Options can also come from an OptionSource (e.g. an Eloquent relation) instead of a fixed list — the same source the Select field uses, so forms and tables resolve options the same way:

use Lattice\Lattice\Core\EloquentOptions;
TextColumn::make('author_id')
->label('Author')
->filterOptions(EloquentOptions::make(Author::class)->label('name'));
// fetch options as the user types instead of shipping them all up front:
TextColumn::make('author_id')
->filterOptions(EloquentOptions::make(Author::class)->label('name'), searchable: true);

Use ColumnFilterOption when one dropdown choice should emit an operator other than the select default. This keeps the request in the standard column-filter clause format, so the data source still uses the same operator pipeline:

use Lattice\Lattice\Core\Enums\Op;
use Lattice\Lattice\Tables\Columns\ColumnFilterOption;
BooleanColumn::make('verified')->filterOptions([
ColumnFilterOption::clause('Yes', 'yes', Op::Equals, 'true'),
ColumnFilterOption::clause('No', 'no', Op::Equals, 'false'),
ColumnFilterOption::clause('Unset', 'unset', Op::Empty),
]);
TextColumn::make('updated_at')->date()->filterOptions([
ColumnFilterOption::range('This month', 'this-month', '2026-06-01', '2026-06-30'),
]);

Per-column filters compare a single column with an operator. Dedicated filters are named, table-level controls rendered in the header’s filter dropdown — each owns its own control and query logic, and isn’t tied to a column. Declare them by overriding filters():

use Illuminate\Database\Eloquent\Builder;
use Lattice\Lattice\Tables\Filters\DateRangeFilter;
use Lattice\Lattice\Tables\Filters\Filter;
use Lattice\Lattice\Tables\Filters\SelectFilter;
use Lattice\Lattice\Tables\Filters\TernaryFilter;
public function filters(): array
{
return [
SelectFilter::make('status')
->options([
SelectFilter::option('Draft', 'draft'),
SelectFilter::option('Active', 'active'),
])
->multiple(), // match any selected → whereIn
TernaryFilter::make('featured') // yes / no / all
->trueLabel('Featured')
->falseLabel('Not featured'),
DateRangeFilter::make('created_at'), // from / until, inclusive
Filter::make('high_value') // custom toggle + query
->query(fn (Builder $query): Builder => $query->where('price', '>', 1000)),
];
}
FilterControlApplies
SelectFilterdropdownwhere (single) or whereIn (->multiple()); ->attribute() to remap
TernaryFilteryes / no / allboolean where, or custom ->queries(true: …, false: …)
DateRangeFilterfrom / untilinclusive whereDate on each provided bound
Filtertoggleyour ->query() closure when on

The filter dropdown opens from the icon button in the trailing header cell, where the actions heading would otherwise sit. Active values show as removable chips with a Reset all that clears every filter — dedicated and column alike.
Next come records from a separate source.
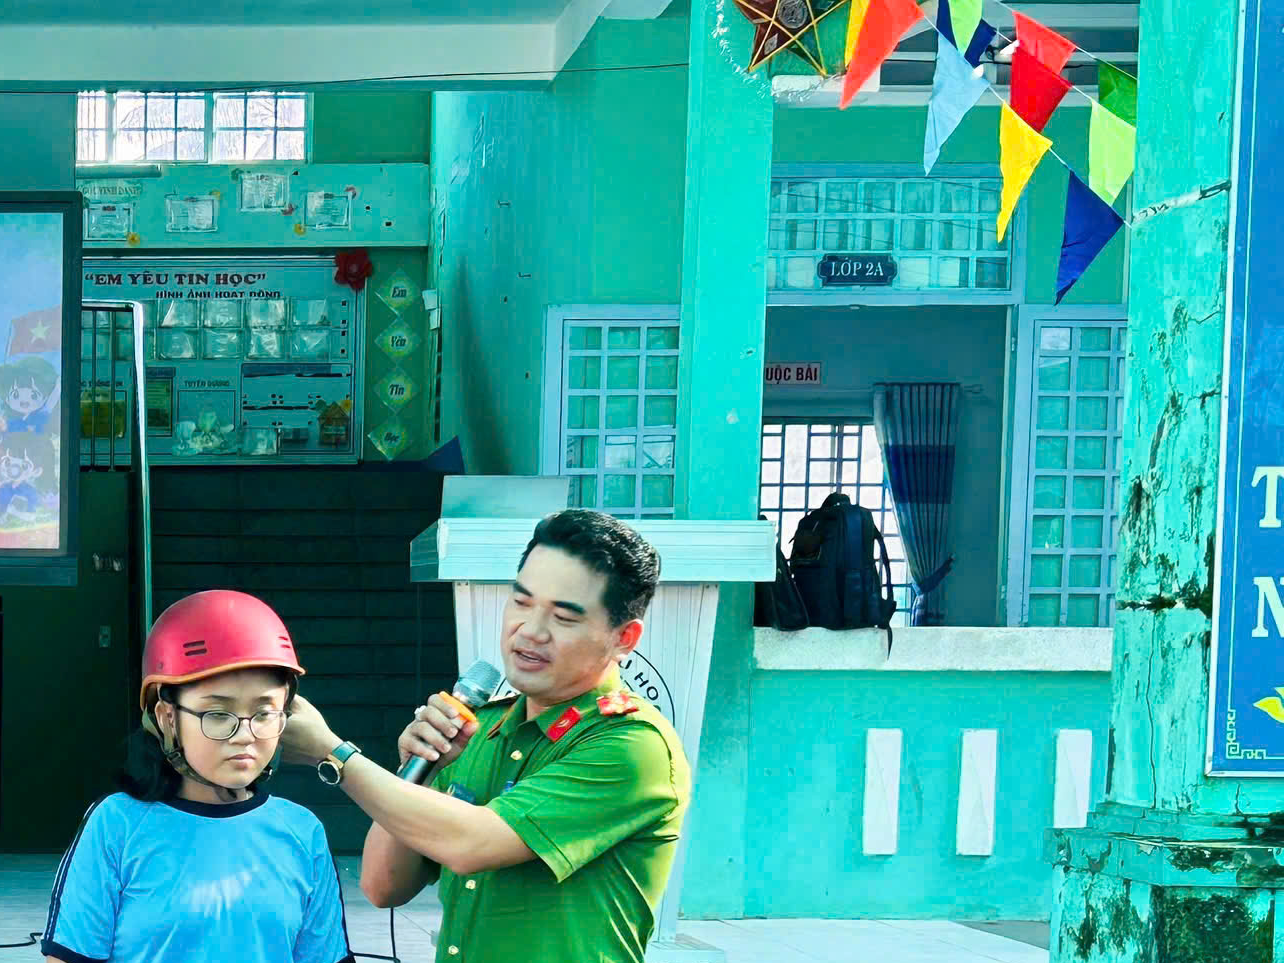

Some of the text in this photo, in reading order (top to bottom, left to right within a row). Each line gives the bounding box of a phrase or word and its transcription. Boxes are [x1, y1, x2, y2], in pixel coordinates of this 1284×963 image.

[830, 257, 884, 276] LỚP 2A
[128, 270, 168, 286] YÊU
[174, 273, 208, 286] TIN
[392, 287, 407, 299] Em
[766, 364, 818, 384] UỘC BÀI
A SelectFilter’s options can come from an OptionSource instead of a fixed list, and ->searchable() fetches them as the user types (via a _search round-trip to the table endpoint) rather than shipping the whole list up front:

use Lattice\Lattice\Core\EloquentOptions;
SelectFilter::make('author')
->optionsFrom(EloquentOptions::make(Author::class)->label('name'))
->searchable();

Dedicated filter values post as Laravel bracket params — tf[status]=active, repeated tf[status][]=… for multi-select, and tf[created][from]=… / [until] for a range. They’re validated against the declared filters, then applied by the data source. A custom Filter::query() closure runs server-side with utility injection — type-hint Builder to receive the query. See Closure evaluation for the resolver contract.